Ask for and honor the patient's choices and preferences in whatever care you give.
After a major medical event, it's highly likely that the person won't be able to cook and care for themselves at full capacity, and reliance upon loved ones' cookery and acts of kindness tends to be depressing to those who have grown up in cultures that emphasize self-reliance. The patient often depends upon others' charity for the duration of their major recovery, which often doesn't give them options and choices for things self-reliant people take for granted. A good example is the choice of what to eat. It is often a boon to the patient to ask them what they would want to eat and when. I am reminded often of a situation where a recovering patient received four consecutive red chile cheese tamale casserole trays from four different family members. The patient was grateful to have food prepared, but the ensuing several days of unending red chile tamales placed the severely immobile patient into a depressing conundrum of having the umpteenth tamale or go without food. Invite the patient to make choices on their care, if they are able and willing, letting them know that you see and value their human preferences, likes and dislikes. Major medical events are oftentimes situations where the patient doesn't get to choose between favorable options: it's often the adverse outcome or the often painful treatment. Let your emphasis on honoring the patient's choices and preferences be a refreshing snippet of the normalcy and range of choices they would have if they were not ill and dependent.
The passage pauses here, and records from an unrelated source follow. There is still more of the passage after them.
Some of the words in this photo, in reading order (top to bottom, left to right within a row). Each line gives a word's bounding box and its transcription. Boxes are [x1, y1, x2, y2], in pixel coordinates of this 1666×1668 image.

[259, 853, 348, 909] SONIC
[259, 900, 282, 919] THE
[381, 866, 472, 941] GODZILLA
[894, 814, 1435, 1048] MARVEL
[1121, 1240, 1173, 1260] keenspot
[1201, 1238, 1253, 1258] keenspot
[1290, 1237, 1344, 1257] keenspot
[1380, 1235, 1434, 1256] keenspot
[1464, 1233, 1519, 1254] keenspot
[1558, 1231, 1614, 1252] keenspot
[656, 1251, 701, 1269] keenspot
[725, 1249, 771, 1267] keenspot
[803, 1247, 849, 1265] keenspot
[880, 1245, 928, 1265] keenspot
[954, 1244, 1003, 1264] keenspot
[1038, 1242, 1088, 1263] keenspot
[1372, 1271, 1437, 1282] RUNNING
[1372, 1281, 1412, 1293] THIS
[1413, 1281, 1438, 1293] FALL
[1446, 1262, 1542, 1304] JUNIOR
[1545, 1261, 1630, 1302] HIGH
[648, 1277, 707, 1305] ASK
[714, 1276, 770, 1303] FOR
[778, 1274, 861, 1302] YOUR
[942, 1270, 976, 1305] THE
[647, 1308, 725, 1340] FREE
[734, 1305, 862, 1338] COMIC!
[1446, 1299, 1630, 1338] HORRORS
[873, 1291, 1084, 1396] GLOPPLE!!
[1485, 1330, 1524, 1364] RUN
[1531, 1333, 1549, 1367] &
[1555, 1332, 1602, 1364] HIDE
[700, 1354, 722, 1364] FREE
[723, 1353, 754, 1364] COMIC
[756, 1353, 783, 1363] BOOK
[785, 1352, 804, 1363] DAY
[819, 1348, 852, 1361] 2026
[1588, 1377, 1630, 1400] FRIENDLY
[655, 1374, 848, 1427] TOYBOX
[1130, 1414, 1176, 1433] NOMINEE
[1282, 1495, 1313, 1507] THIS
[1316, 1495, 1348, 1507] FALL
Open your listening ears and leave your expectations at the door.
Medical events are hugely taxing upon the body and mind. Expectations and apprehensions of what the patient is able to do and feel are often colliding against realities of what they are able to do and feel. Issues of fairness and why a medical event or diagnosis occurred may be explored, and oftentimes, the patient's meaning-making exploration can vary from a spiritually esoteric journey to a methodical statistical analysis. The meaning-making exploration is hugely and individually value-laden, and it can also be a collision of the patient's values and those of their family and friends upon areas of religion, justice, goodness versus badness, definitions of health, definitions of quality life, etc. All of this meaning making occurs in the context of real-world pragmatic issues of accomplishing daily living tasks and the inevitable comparison of abilities from the time before and after the medical event. That's a lot of energy, and it involves a number of areas which are often central to how the patient sees themselves and the world. Be gentle with the patient, and try your best to keep your own judgments about how you expect them to feel or be able to do tasks to yourself. Listen and acknowledge their feelings and thoughts, and if their emotions appear to be unstable (appear very depressed, tend to isolate, neglect or sabotage their own care, etc.), invite them to explore more professional help as another means to speed along their recovery.